Decreased plasma levels of 25(OH)D in multiple sclerosis patients. Correlation with disease severity expressed by EDSS, MSSS, progression index and Herbert´s scale severity grade.

OBJECTIVES

Multiple sclerosis is a chronic inflammatory and autoimmune demyelinating disease of the brain and spinal cord. Vitamin D has anti-inflammatory and anti-Th1, Th17 activities, activates the function of regulatory T cells, shifts the immune response towards Th2, so it might be favorable for downregulation of the disease pathogenesis, and if inflammation and Th1 and Th17 immunity are hyperactivated. The aim of our study was to highlight the role of vitamin D in multiple sclerosis pathogenesis.

METHODS

We investigated 178 patients with multiple sclerosis. Plasma levels of 25(OH)D and HMGB1 were investigated.

RESULTS

Despite a regular use of VD by patients, the plasma levels of 25(0H)D were significantly decreased in 57% of them, 14.1% had VD deficiency (level of 25(OH)D < 20 ng/mL) and more than 6 % of patients had VD severe deficiency with the plasma level of 25(OH)D < 12 ng/mL. The level of 25(OH)D negatively correlated with the severity of the disease (EDSS, index of progression, duration of the disease) and negative association was found also with Herbert´s six severity grades.
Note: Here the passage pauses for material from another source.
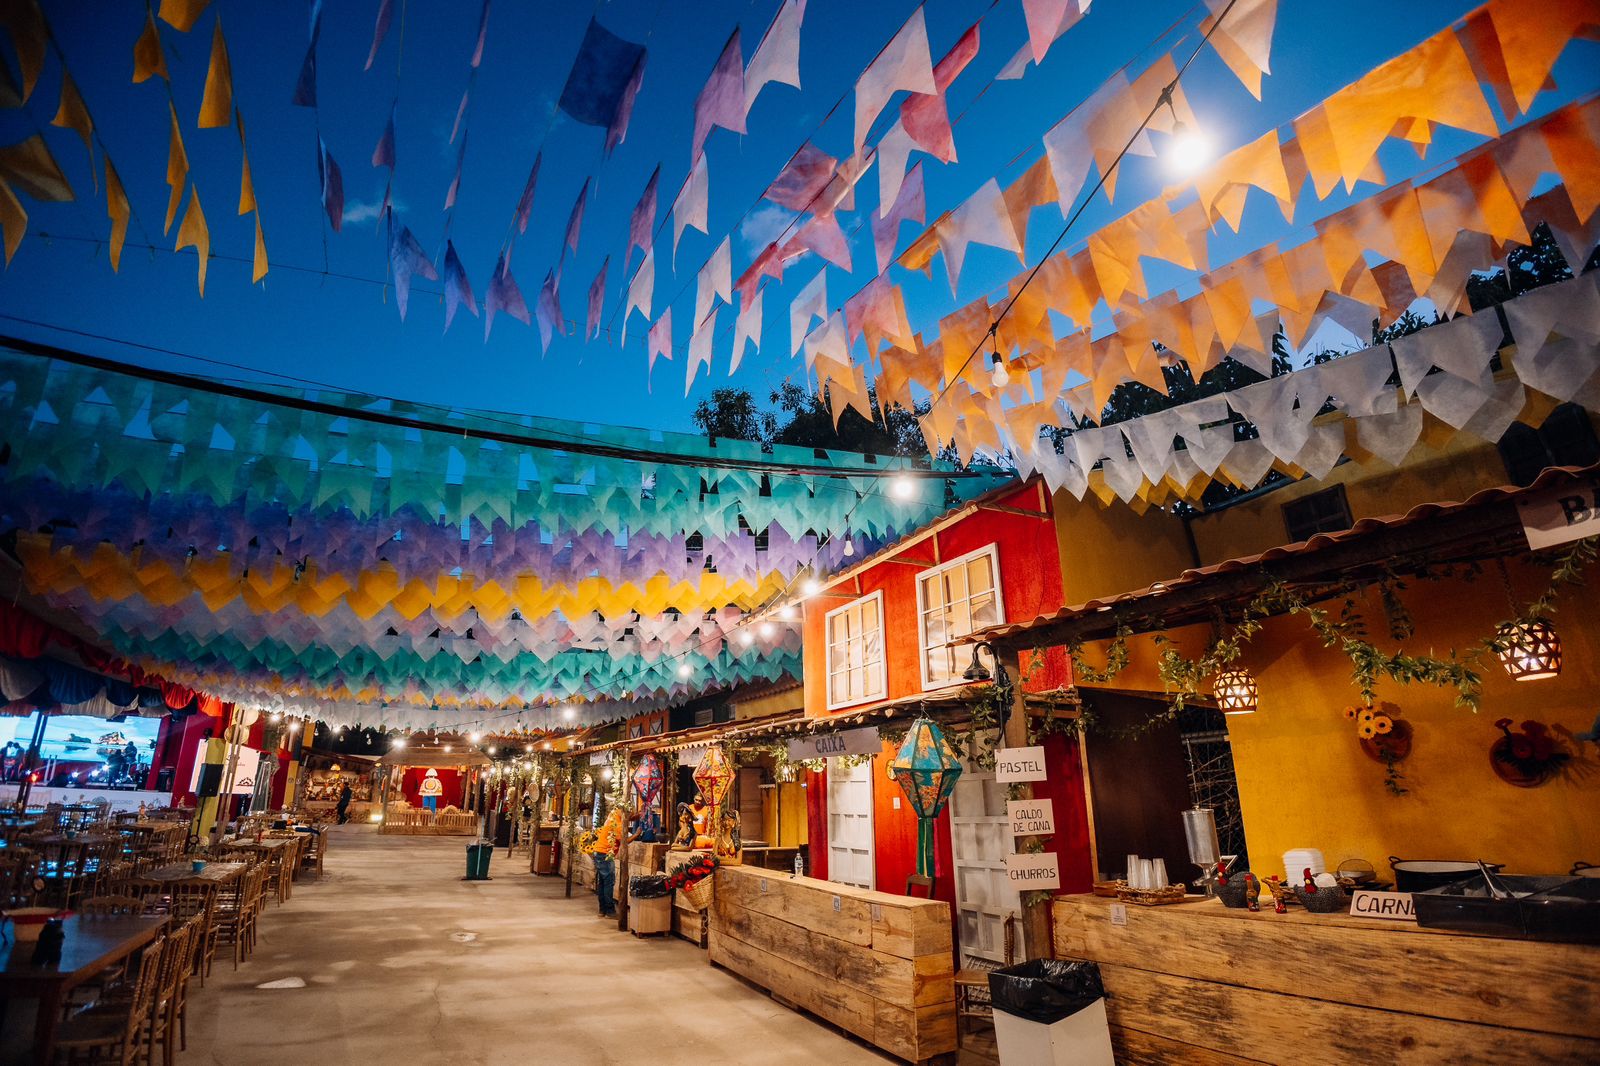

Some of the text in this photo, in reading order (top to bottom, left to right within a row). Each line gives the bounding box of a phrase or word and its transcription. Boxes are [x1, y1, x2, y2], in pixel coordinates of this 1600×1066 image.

HMGB1 levels were higher in patients (p < 0.0001).

CONCLUSION

Our result showed that vitamin D deficiency plays a role in multiple sclerosis pathogenesis. We believe that administration of vitamin D to patients at a sufficient dose providing a physiological level of vitamin D could have a positive effect on the course of the disease. However, regular monitoring of vitamin D levels is required, which should be at least within 30-75 ng/mL, and even more, but below the toxicity limit (Tab. 6, Ref. 66).